But would such a “turn to God” have been realistic? After all, how would they know about this God of Israel?
Good question. One that the Bible clearly answers. After God wrecked havoc on Egypt and brought his people through the Red Sea, His divine power was broadcasted across the world. All the nations knew about this God of Israel, even those living in Canaan. The Canaanites living in the city of Gibeon are a case in point. After Israel entered the land, the citizens of Gibeon came to Joshua and said: “we have heard a report of Him, and all that He did in Egypt” (Josh. 9:9). Therefore, “We are your servants. Come now, make a covenant with us” (Josh. 9:11). God trumpeted his reputation across the ancient world, and these particular Canaanites not only heard it but turned to Him (albeit through espionage).
The most well-known example of someone accepting God’s preemptive strike of grace was Rahab, the prostitute living in Jericho. Like the Gibeonites, Rahab says that all the people of Jericho “have heard how the LORD dried up the water of the Red Sea…and as soon as we heard it, our hearts melted, and there was no spirit left in any man because of you” (Josh. 2:10-11). Even though they all came face to face with God’s grace and could have accepted it, only Rahab would go on to confess that “the LORD your God, he is God in the heavens above and on the earth beneath” (Josh. 2:11). Instantly, God removed her sins as far as the east is from the west. But the rest of the people of Jericho and many other Canaanite cities chose to remain in their wickedness and oppose the God of Israel.
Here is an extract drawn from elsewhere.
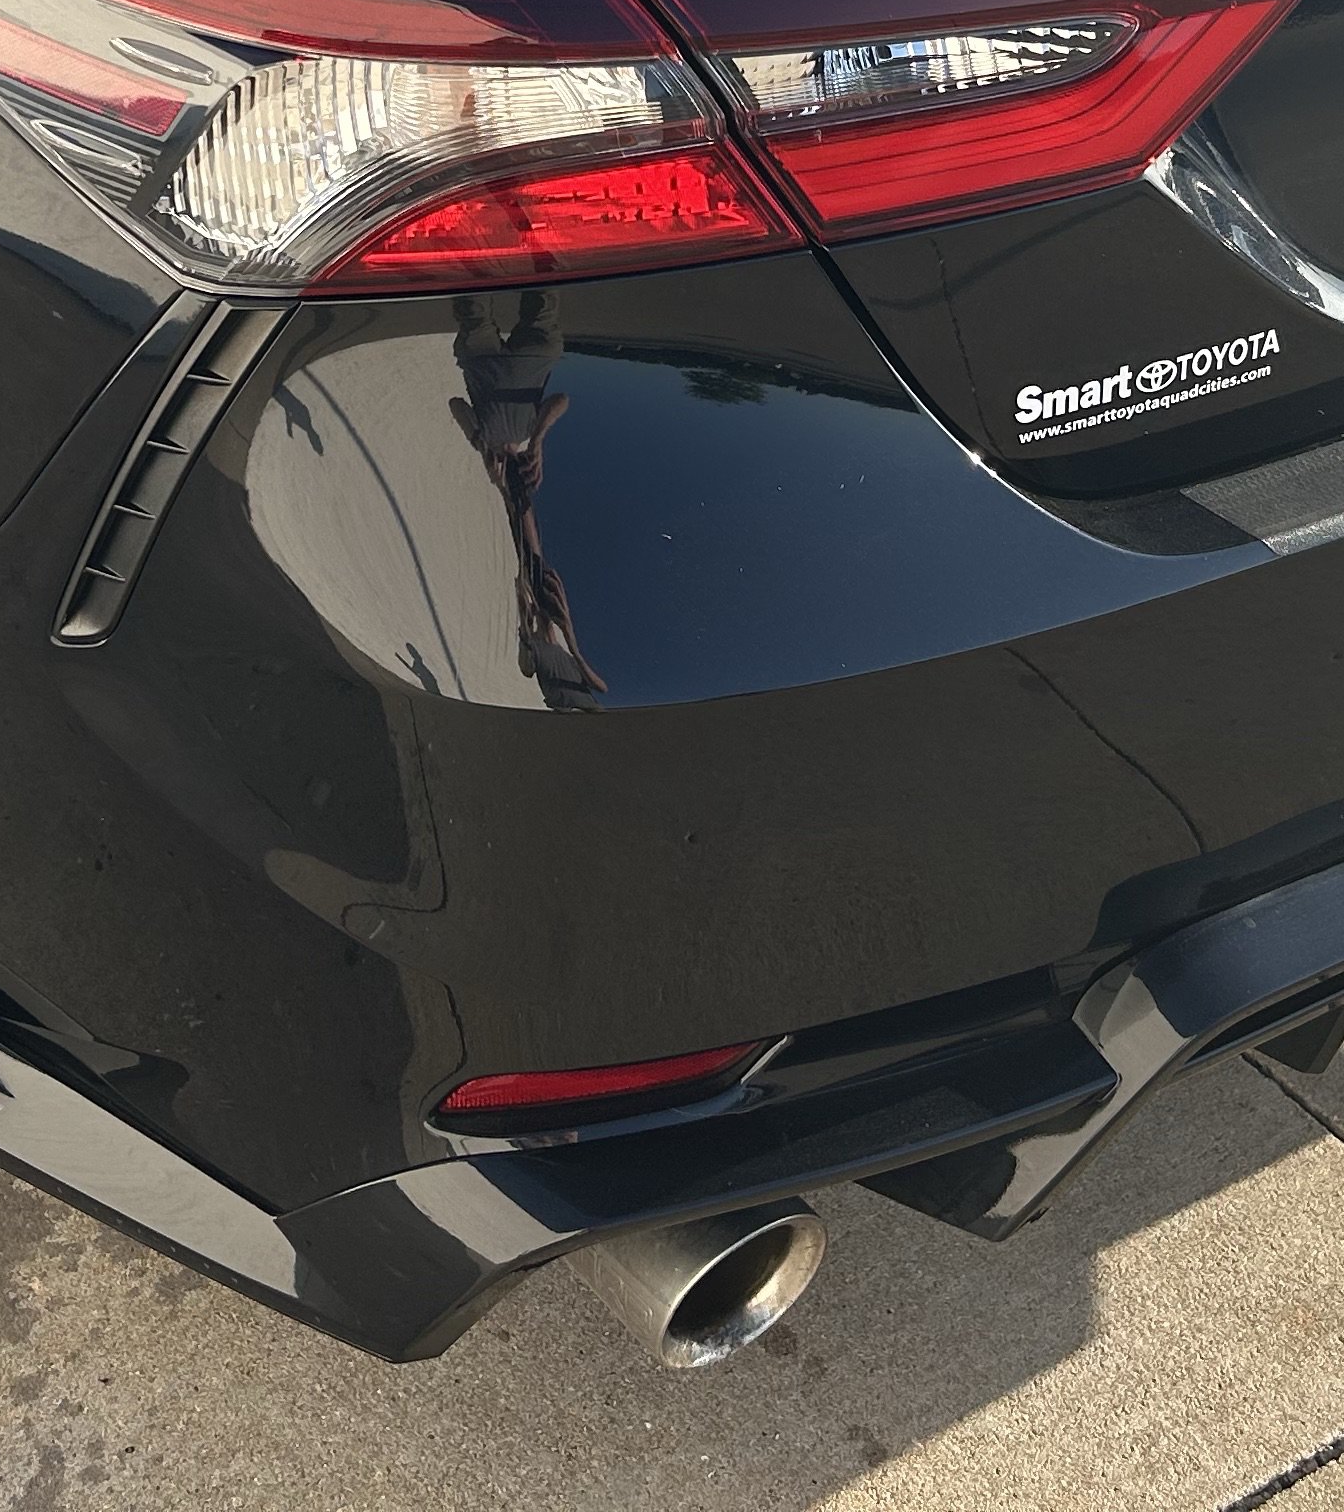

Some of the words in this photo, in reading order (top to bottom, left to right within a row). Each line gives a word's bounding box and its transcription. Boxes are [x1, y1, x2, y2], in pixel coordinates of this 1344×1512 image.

But even if they didn’t believe the report they heard about the God of Israel, Joshua intentionally had his soldiers march around the city for seven days. Think about it. Jericho probably only contained a few hundred people (a few thousand at best), and Israel numbered around 600,000! The soldiers in Jericho had 7 days to give into what was clearly an inevitable victory for the Israelites. And yet they chose to reject the God of Israel and defend their city. The point being: the 7 day march around the city was yet another offer of grace by the God of Israel, an offer taken up by Rahab yet rejected by the rest of Jericho’s inhabitants. Grace: God’s preemptive strike.
Again, there still remains moral problems with the conquest that we will get to. (What about the slaughter of women and children?) But before we do, we need to have a more thorough perspective on what we are dealing with. In sum, the conquest was the Creator’s punishment for extreme and relentless wickedness among people living in God’s special residence, who rejected clear and undeserved offers of grace. Whatever you think about the conquest as a whole, you have to distinguish between arbitrary killing—genocide—and retributive punishment. Old Testament scholar Christopher Wright articulates it well:
“There is a huge moral difference between arbitrary violence and violence inflicted within the moral framework of punishment” (Wright, Old Testament Ethics, 476).
The conquest, like the flood, was divine capital punishment after hundreds of years of rejected grace.